= Exercise requirements =
Return the data below in full and exactly, except that the pictures are dropped.

[Saved data entries]
________________________________________

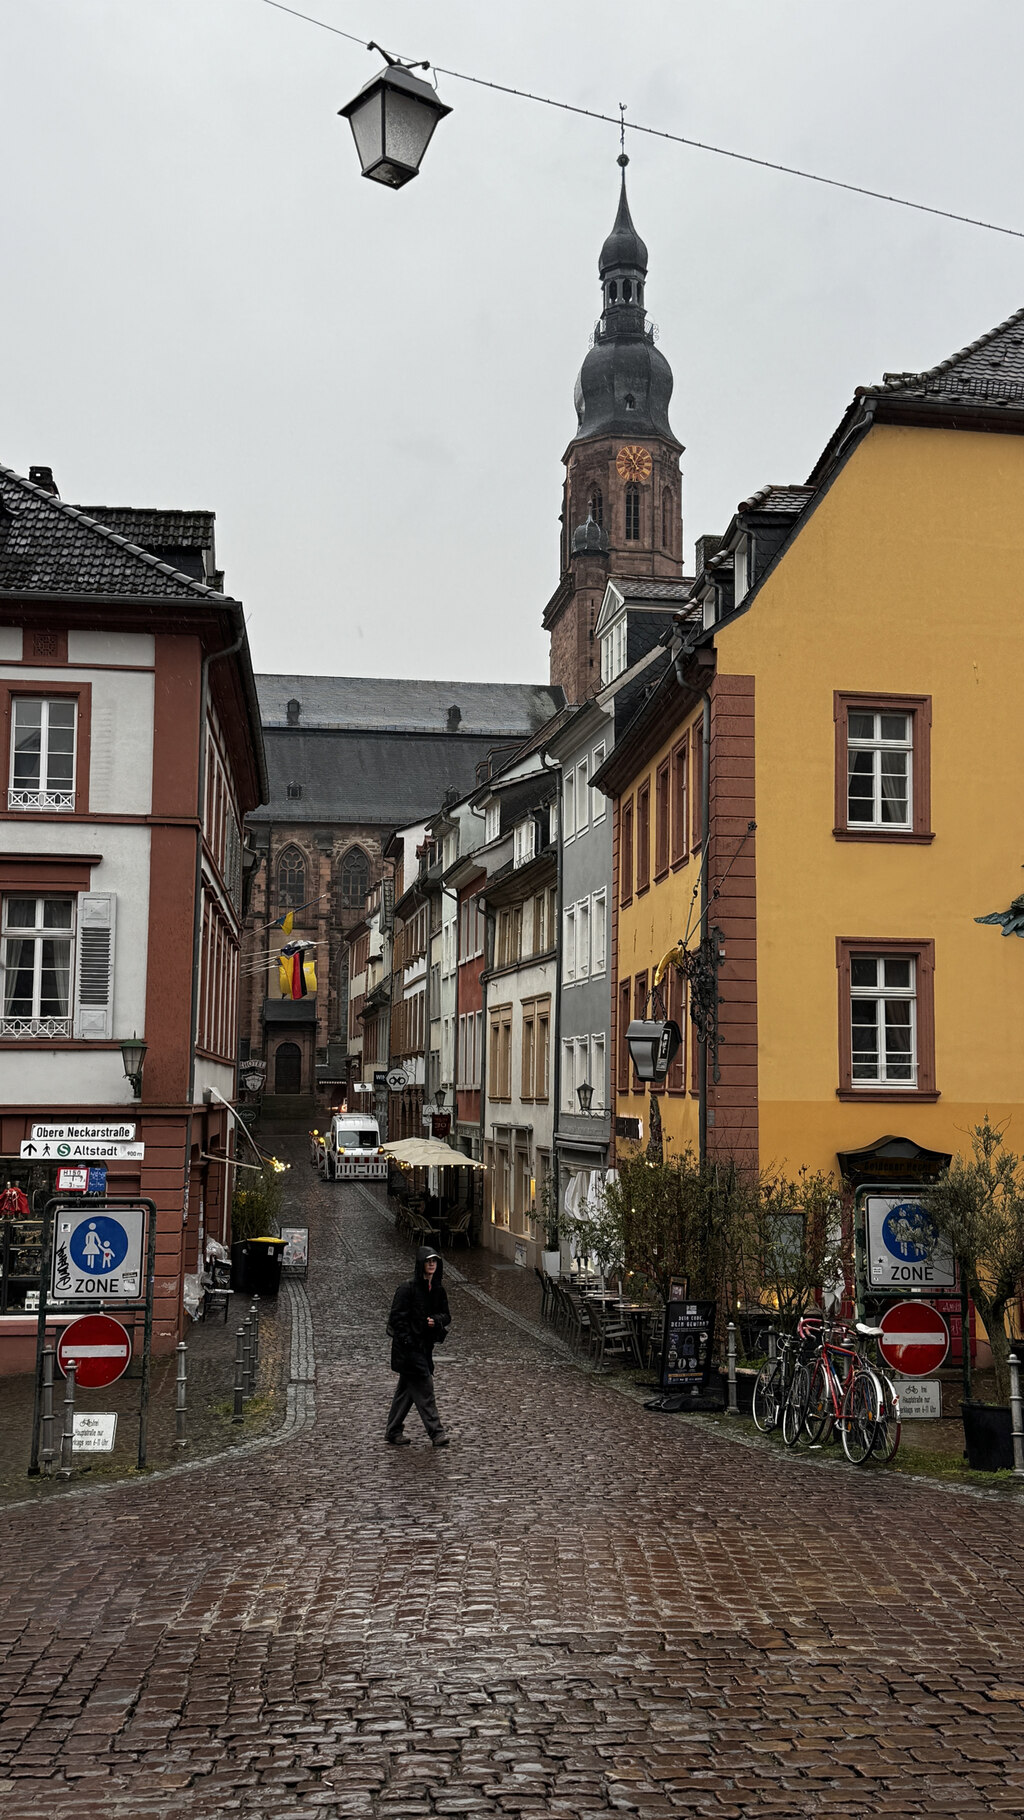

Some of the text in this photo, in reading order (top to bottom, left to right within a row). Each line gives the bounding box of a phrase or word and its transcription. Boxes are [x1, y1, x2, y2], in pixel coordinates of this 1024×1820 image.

[36, 1126, 130, 1138] Obere Neckarstraße
[73, 1145, 118, 1156] Altstadt
[891, 1266, 934, 1280] ZONE
[74, 1278, 119, 1293] ZONE
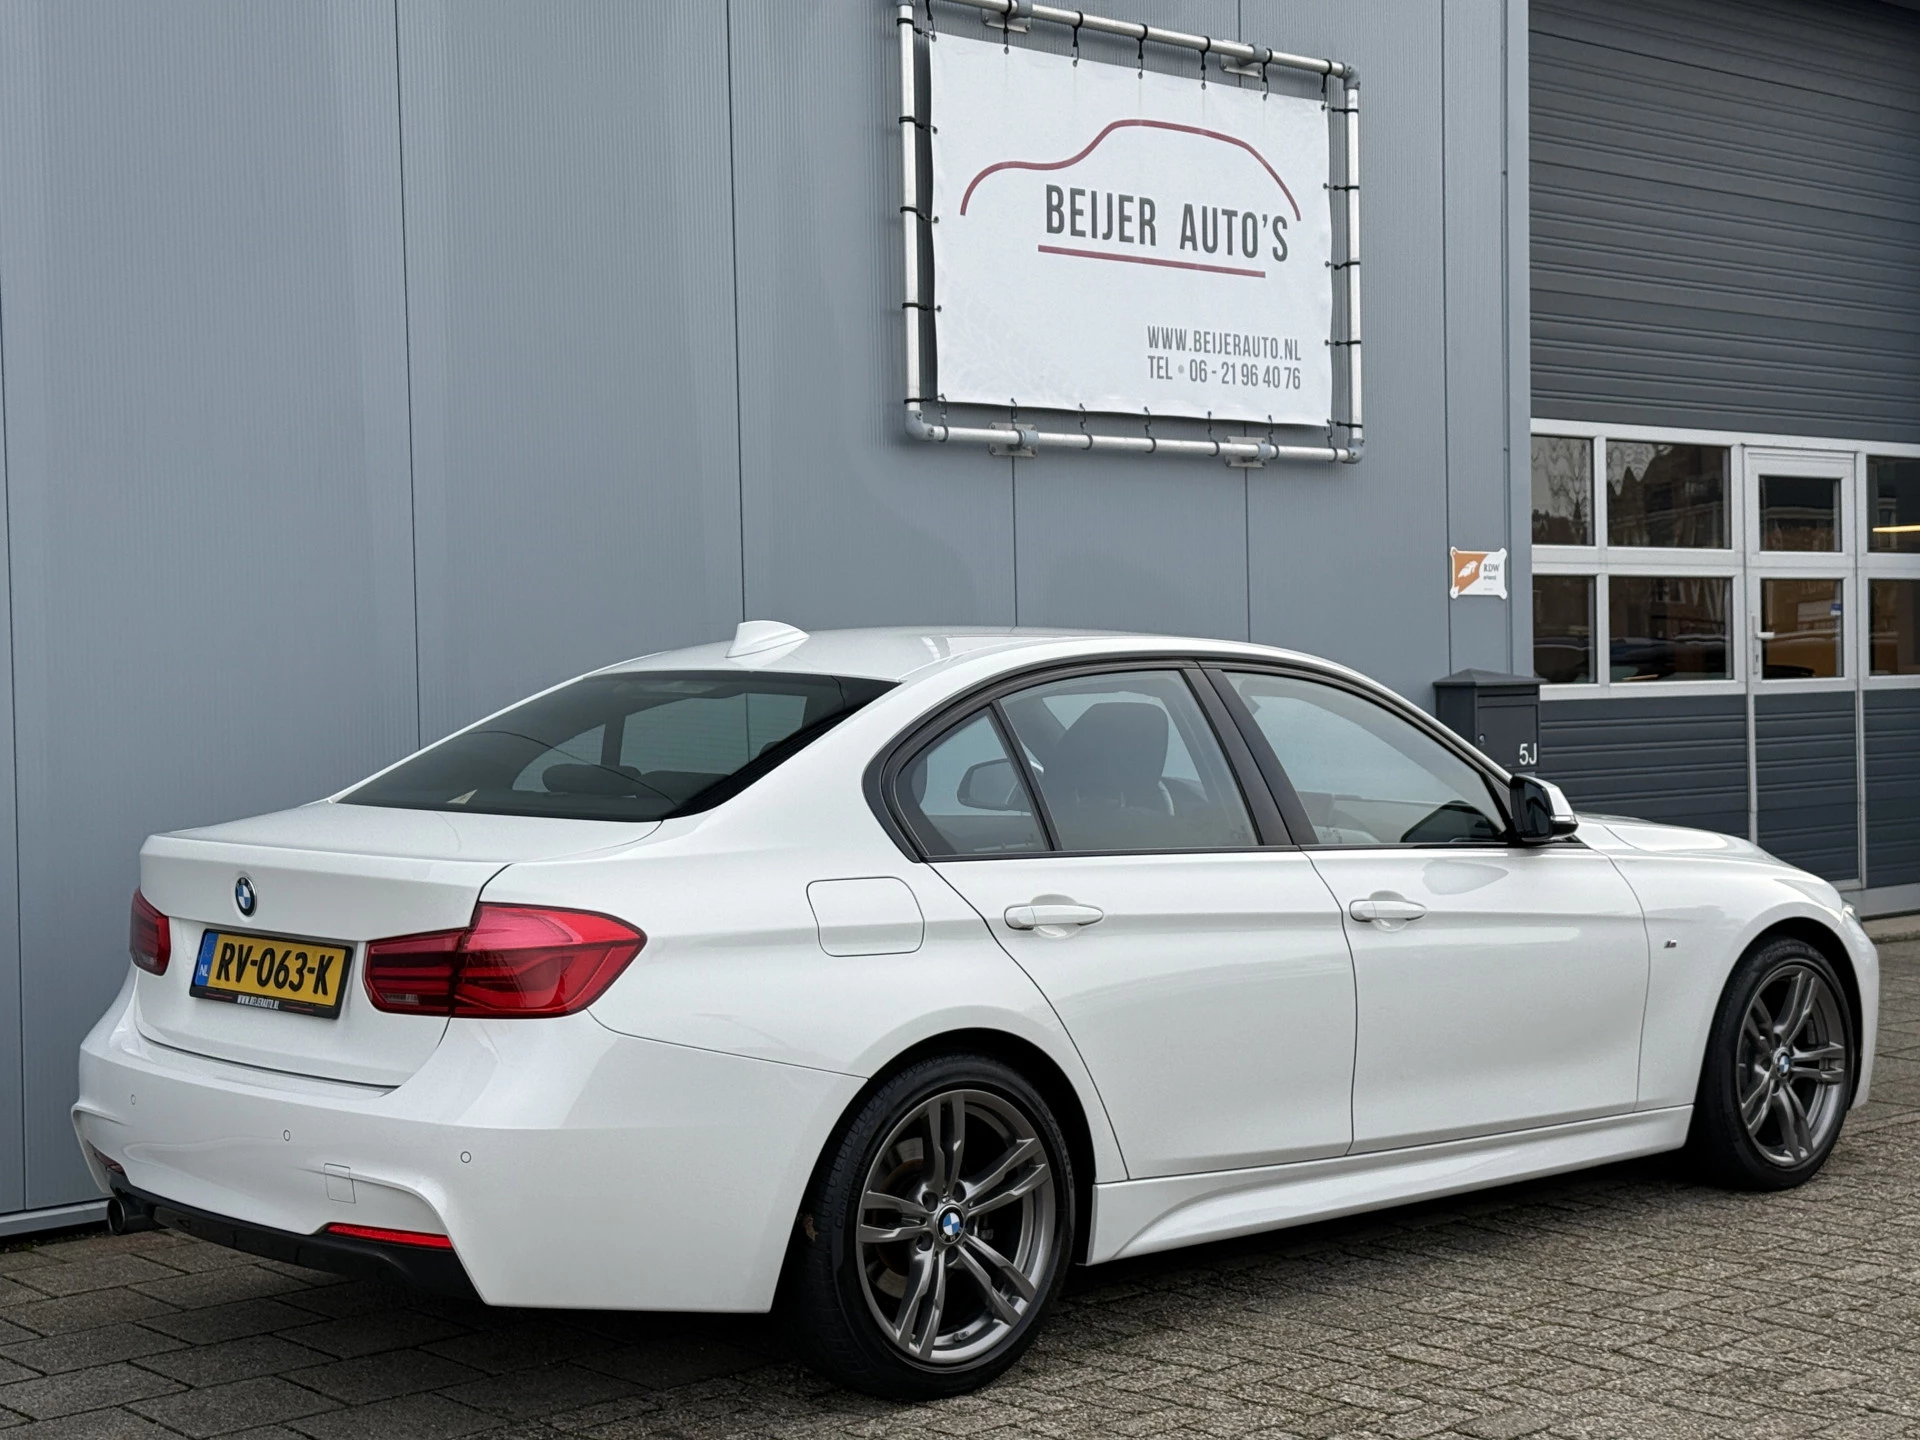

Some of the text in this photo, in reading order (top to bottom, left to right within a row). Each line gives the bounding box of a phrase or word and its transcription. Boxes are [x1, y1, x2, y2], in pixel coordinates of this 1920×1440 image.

[1046, 184, 1289, 262] BEIJER AUTO'S
[1147, 325, 1302, 361] WWW.BEIJERAUTO.NL
[1147, 355, 1173, 380] TEL
[1189, 359, 1208, 383] 06
[1221, 361, 1236, 385] 21
[1241, 363, 1259, 387] 96
[1262, 365, 1281, 389] 40
[1284, 367, 1301, 390] 76
[1519, 743, 1537, 765] 5J
[199, 964, 208, 977] NL
[216, 942, 335, 996] RV-063-K

________________________________________

= Response area =
Some of the text in this photo, in reading order (top to bottom, left to right within a row). Each line gives the bounding box of a phrase or word and its transcription. Boxes are [x1, y1, x2, y2], in pixel coordinates of this 1024×1820 image.

[36, 1126, 130, 1138] Obere Neckarstraße
[73, 1145, 118, 1156] Altstadt
[891, 1266, 934, 1280] ZONE
[74, 1278, 119, 1293] ZONE

Some of the text in this photo, in reading order (top to bottom, left to right within a row). Each line gives the bounding box of a phrase or word and its transcription. Boxes are [x1, y1, x2, y2], in pixel coordinates of this 1920×1440 image.

[1046, 184, 1289, 262] BEIJER AUTO'S
[1147, 325, 1302, 361] WWW.BEIJERAUTO.NL
[1147, 355, 1173, 380] TEL
[1189, 359, 1208, 383] 06
[1221, 361, 1236, 385] 21
[1241, 363, 1259, 387] 96
[1262, 365, 1281, 389] 40
[1284, 367, 1301, 390] 76
[1519, 743, 1537, 765] 5J
[199, 964, 208, 977] NL
[216, 942, 335, 996] RV-063-K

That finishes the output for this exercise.